How likely are various containment interventions by governments?
How does de-escalating quarantine / lock-down in countries that have instituted those work? Is there a chance the the virus will bounce back after de-escalation?
How long do I have to wait before interacting with an object / location in order to make sure it is safe? (eg could I rent an airbnb, or a rental car, several days in advance, and then use it without risk of catching the virus?)
How bad is this really for people in my age group? I would love to have information from people I know, who catch it.
Pushing to get to a total of 10 items:
How much health risk is there to social isolation?
Do I still need to have extreme hand-washing / disinfectant procedures if I’m not leaving the house?
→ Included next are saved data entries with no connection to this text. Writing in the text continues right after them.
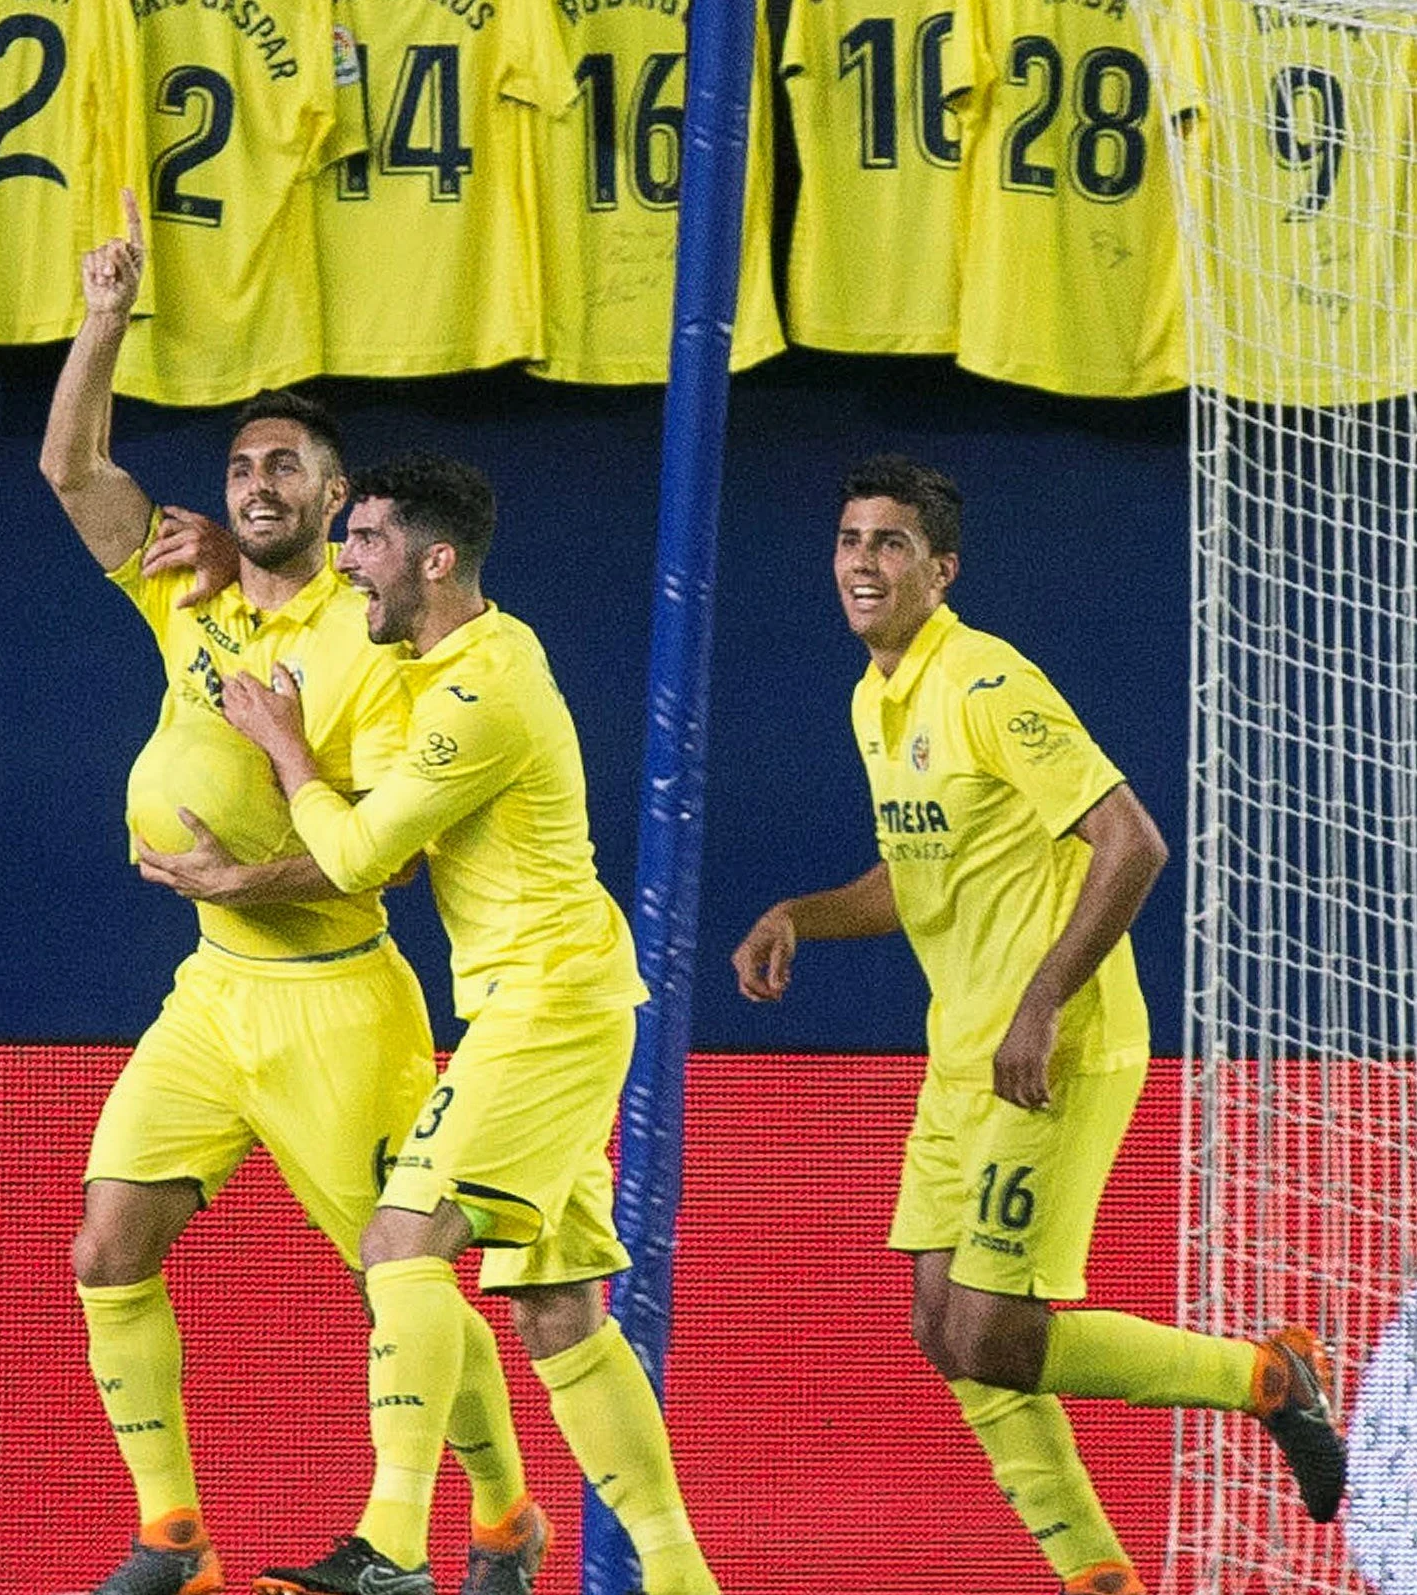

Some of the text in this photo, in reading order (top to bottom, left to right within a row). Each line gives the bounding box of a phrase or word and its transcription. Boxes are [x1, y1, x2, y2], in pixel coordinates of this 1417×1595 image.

[149, 63, 235, 228] 2
[573, 52, 686, 212] 16
[998, 34, 1150, 206] 28
[1266, 63, 1346, 223] 9
[415, 1085, 454, 1139] 3
[978, 1162, 1034, 1231] 16
What could be done to help emergency workers and other parts of the medical system not get sick?
Are there resources on maintaining a balanced diet of non-perishable foods?
What skills should I be rapidly acquiring to be most useful to this whole situation?
And one more.
Am I better off if I drive to some cabin out in the boonies?
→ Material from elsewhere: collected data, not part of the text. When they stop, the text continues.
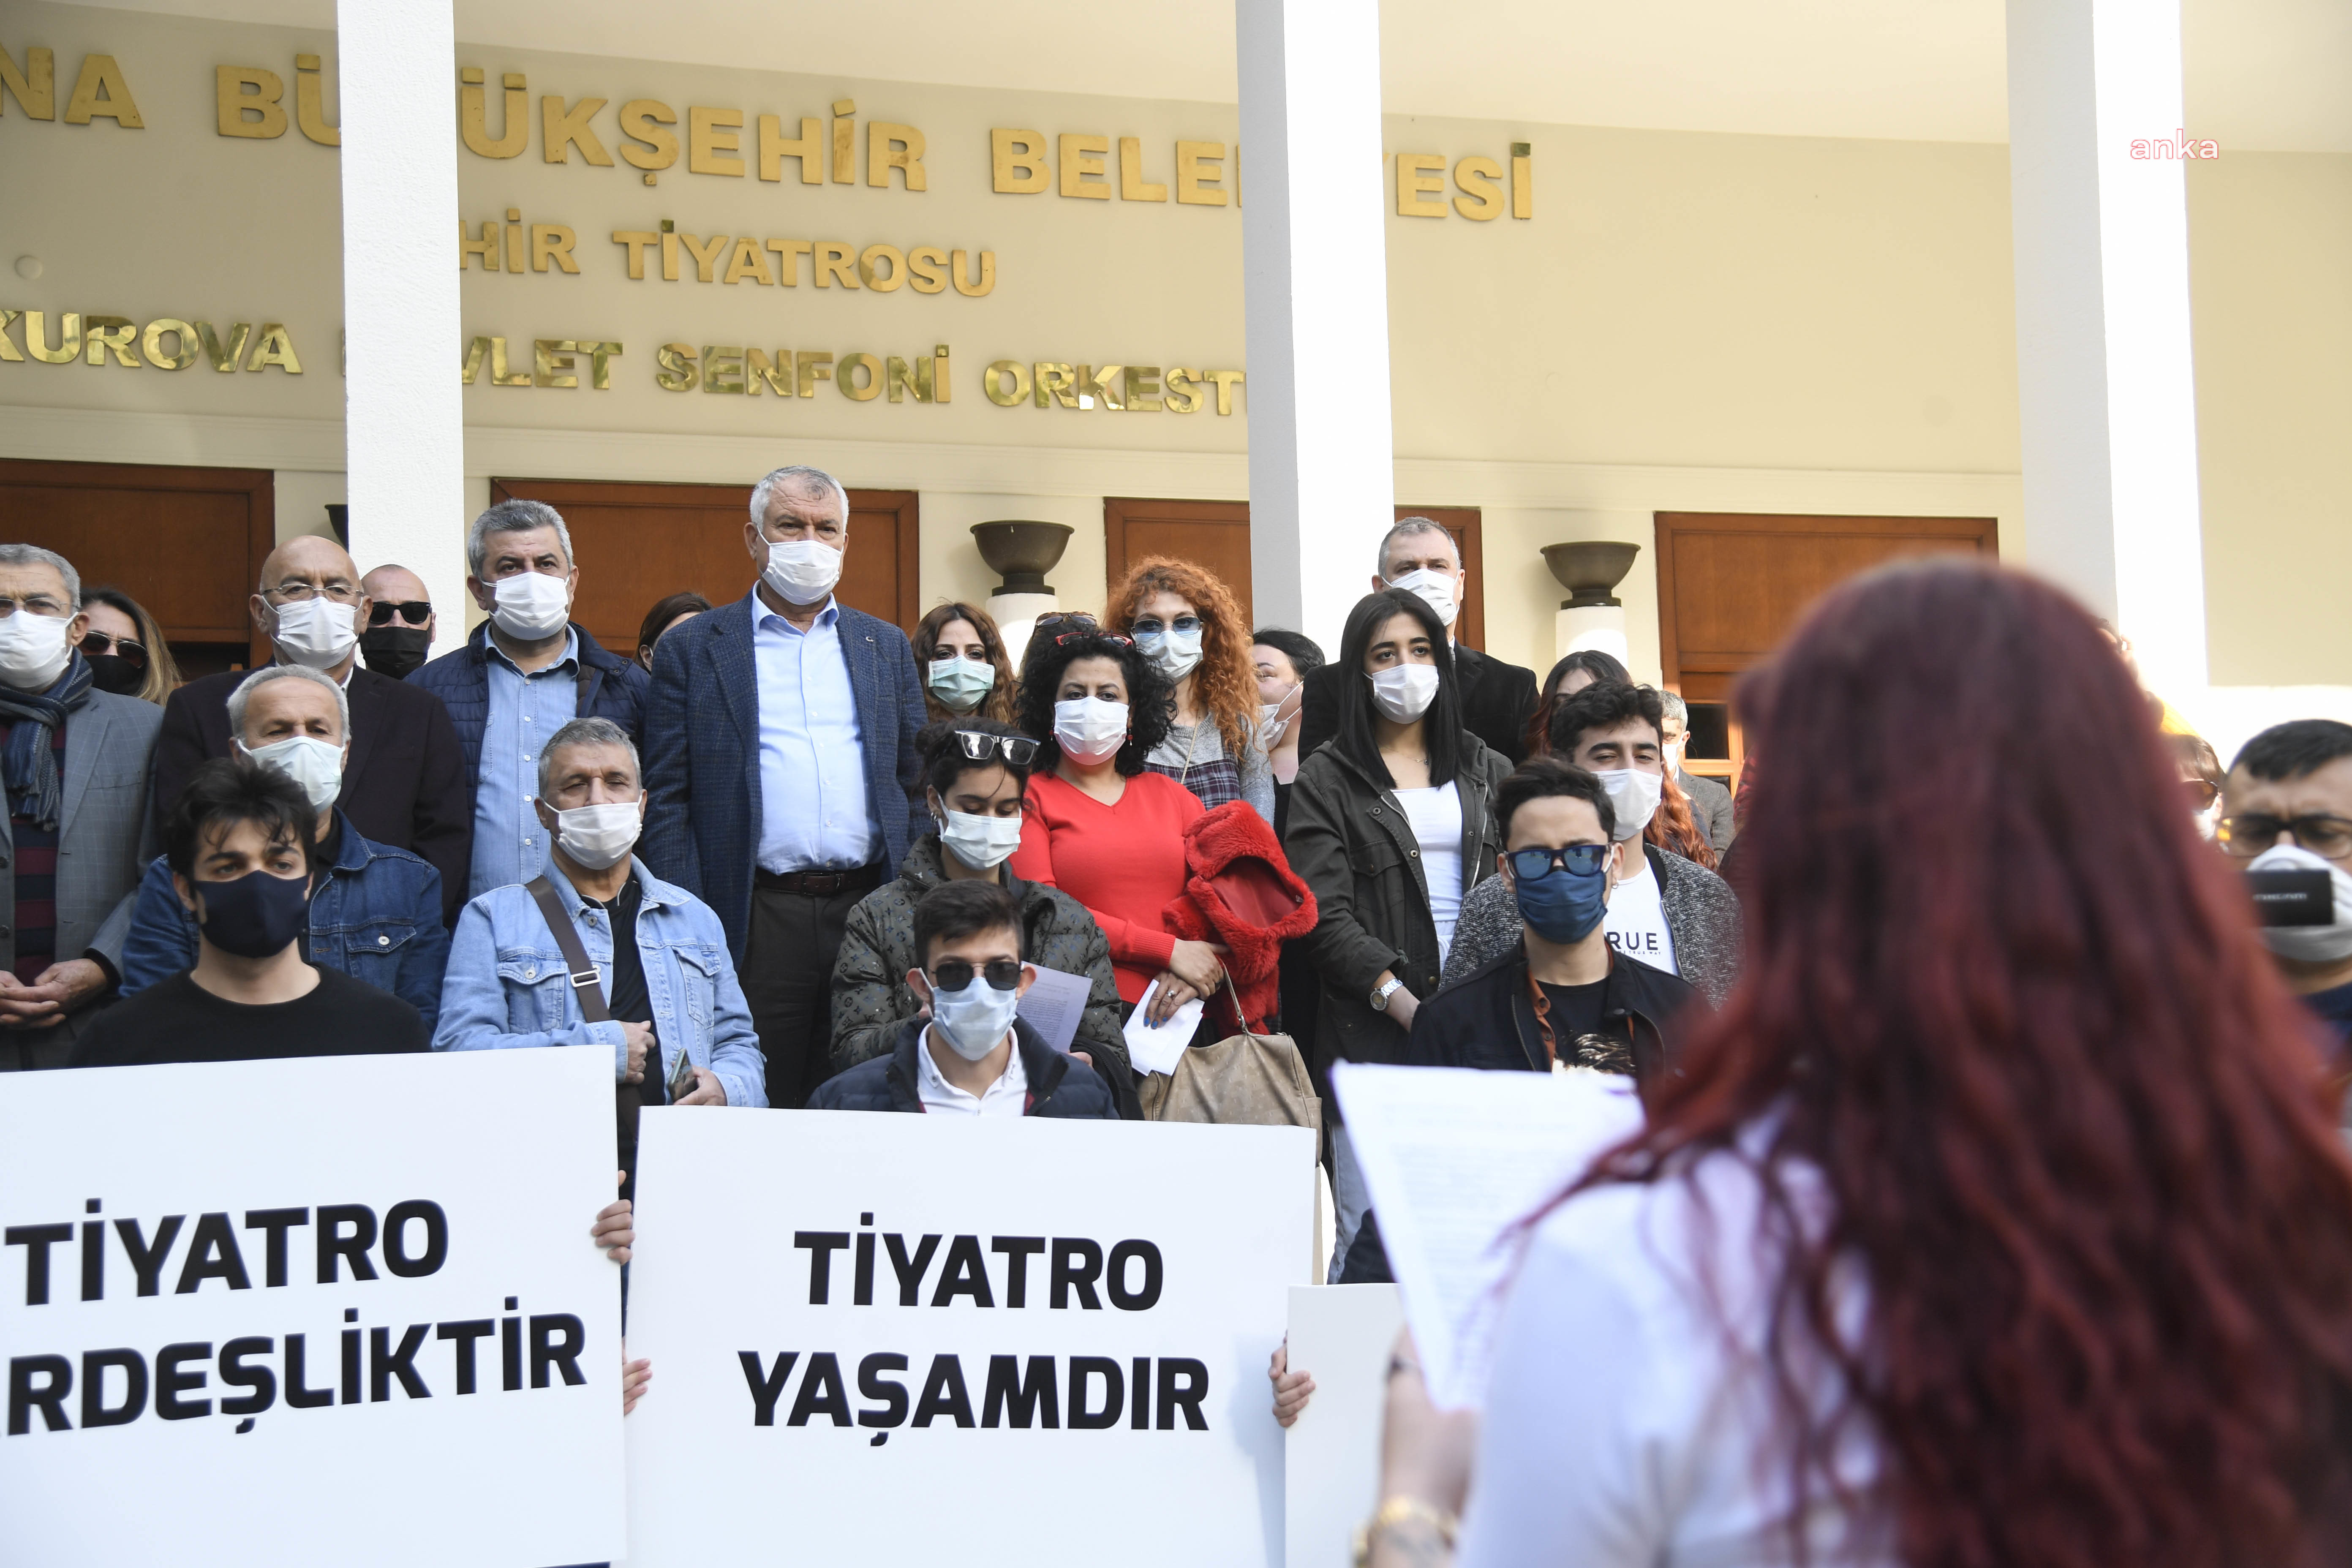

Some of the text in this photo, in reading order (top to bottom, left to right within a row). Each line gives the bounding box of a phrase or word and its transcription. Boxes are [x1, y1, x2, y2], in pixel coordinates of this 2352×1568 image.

[216, 54, 927, 191] BÜÜKŞEHİR
[991, 128, 1532, 221] BELEESİ
[459, 208, 996, 297] HİR TİYATROSU
[657, 343, 950, 403] SENFONİ
[984, 359, 1247, 416] ORKEST
[1606, 932, 1658, 950] RUE
[4, 1198, 449, 1306] TİYATRO
[794, 1211, 1163, 1312] TİYATRO
[8, 1295, 588, 1436] RDEŞLİKTİR
[737, 1350, 1210, 1447] YAŞAMDIR
The requirements on multiplying ventilator use through sharing is
1. Equal tube lengths.
2. Equal lung capacity.
3. Equal lung resistance.
4. Same patient weight (approx)
the question is can any of these requirements be broken though clever use of 3d printed valves or other JIT solutions?
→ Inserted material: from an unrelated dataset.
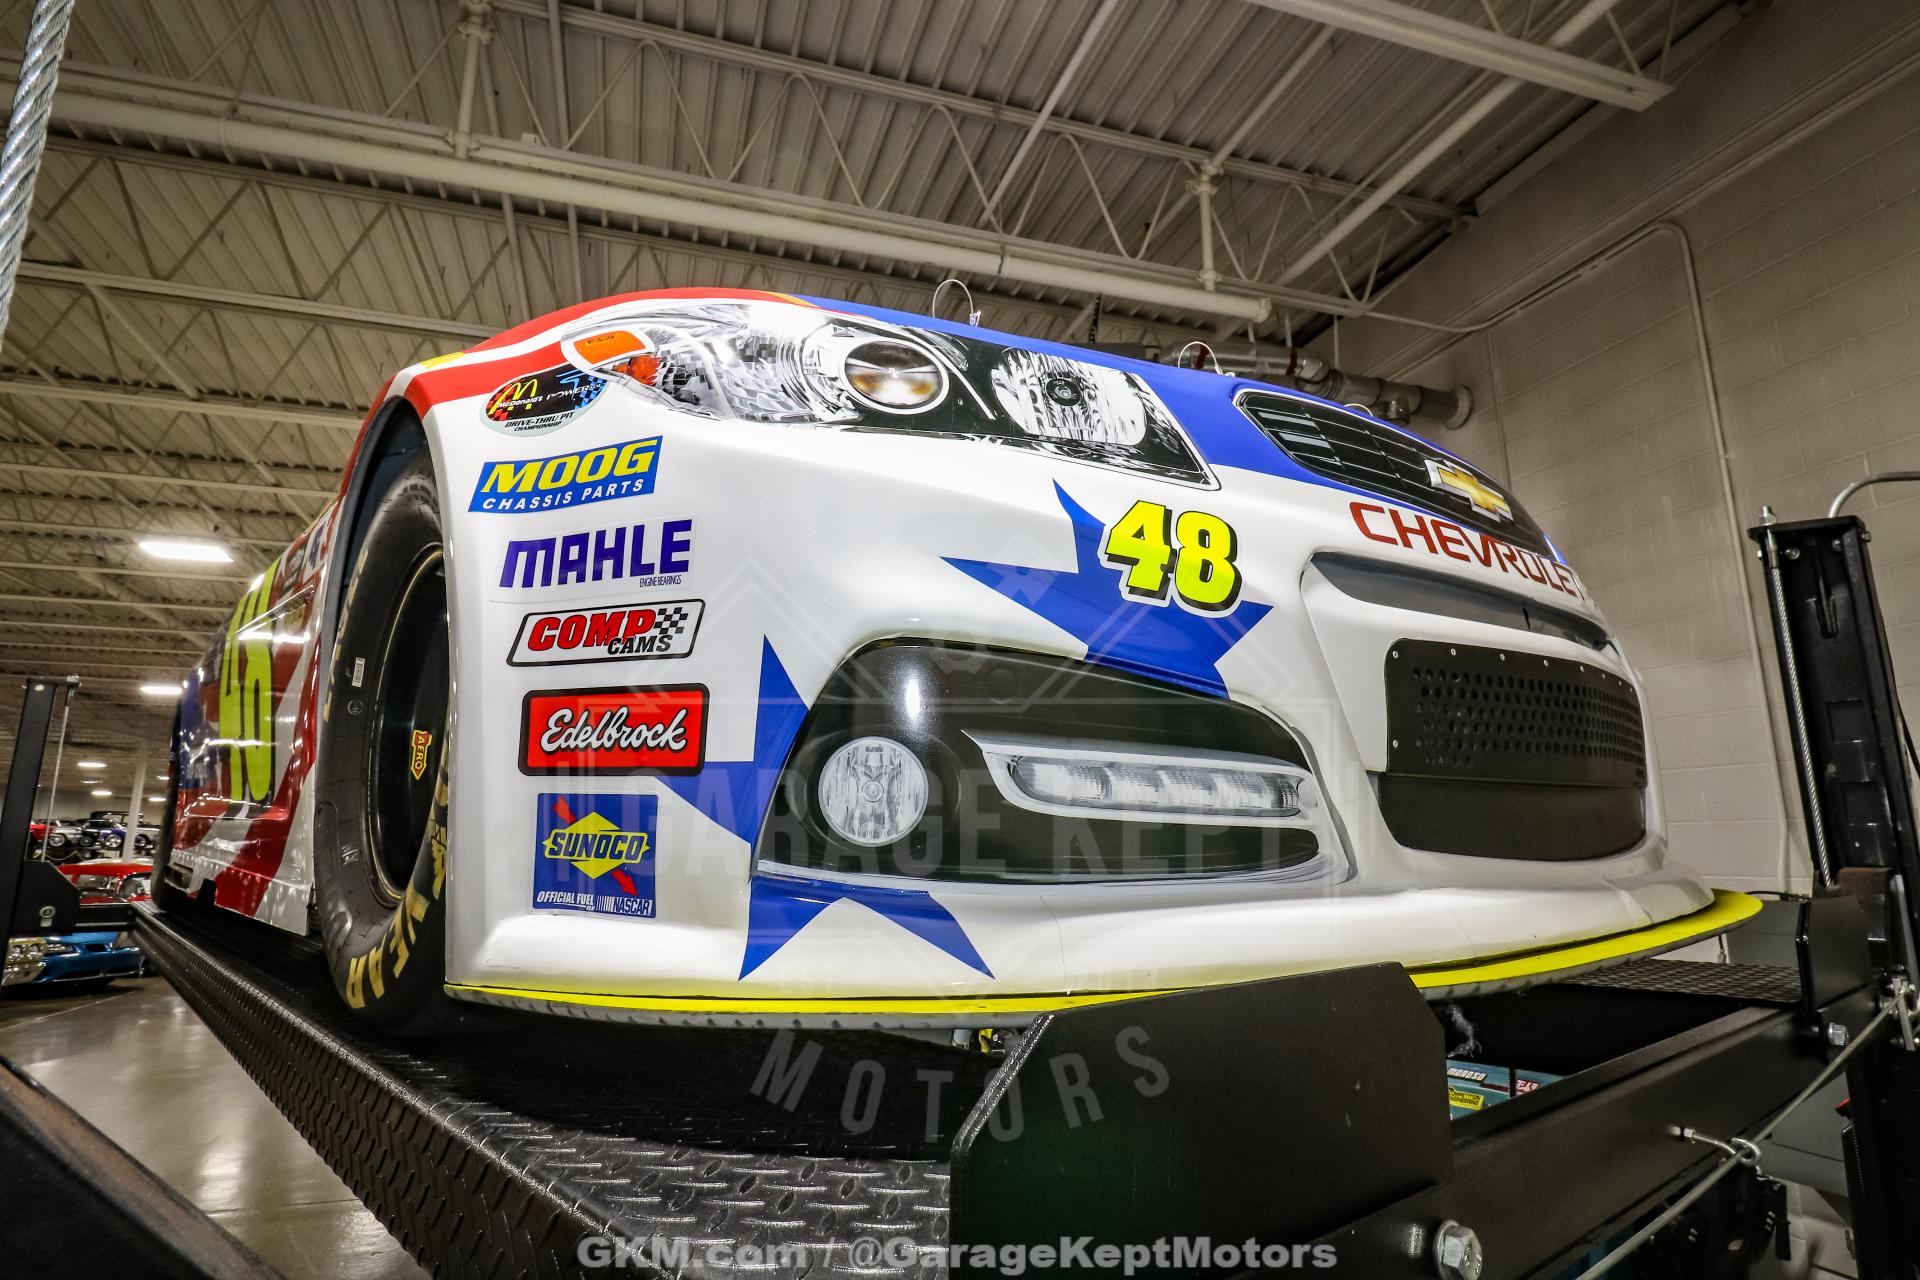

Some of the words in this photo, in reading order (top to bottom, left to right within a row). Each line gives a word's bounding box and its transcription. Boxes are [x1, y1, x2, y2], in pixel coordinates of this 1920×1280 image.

No answer here but a subquestion might be what are the essentials for an effective “hospital bed” for a COVID-19 patient? What are the binding/constraining elements? We know ventilators for critical cases are one. Others? What about those for serious versus critical—if we can treat serious cases well but in some makeshift hospital room (say an empty hotel) does that help us limit the demand for ICU space?
Second thought here. You have investors like Ackman suggesting a slow bleed process may well kill hotel owners. Is there an opportunity to address two things as once? If government (and insurance companies) can support quarantining and treating less serious cases in hotels then the industry gets some relief and society perhaps gets both better allocation of medical resources and improved quarantines.
Scaling up testing seems to be critical. With easy, fast and ubiquitous testing, huge numbers of individuals could be tested as a matter of routine, and infected people could begin self-isolating before showing symptoms. With truly adequate testing policies, the goal of true “containment” could potentially be achieved, without the need to resort to complete economic lockdown, which causes its own devastating consequences in the long term.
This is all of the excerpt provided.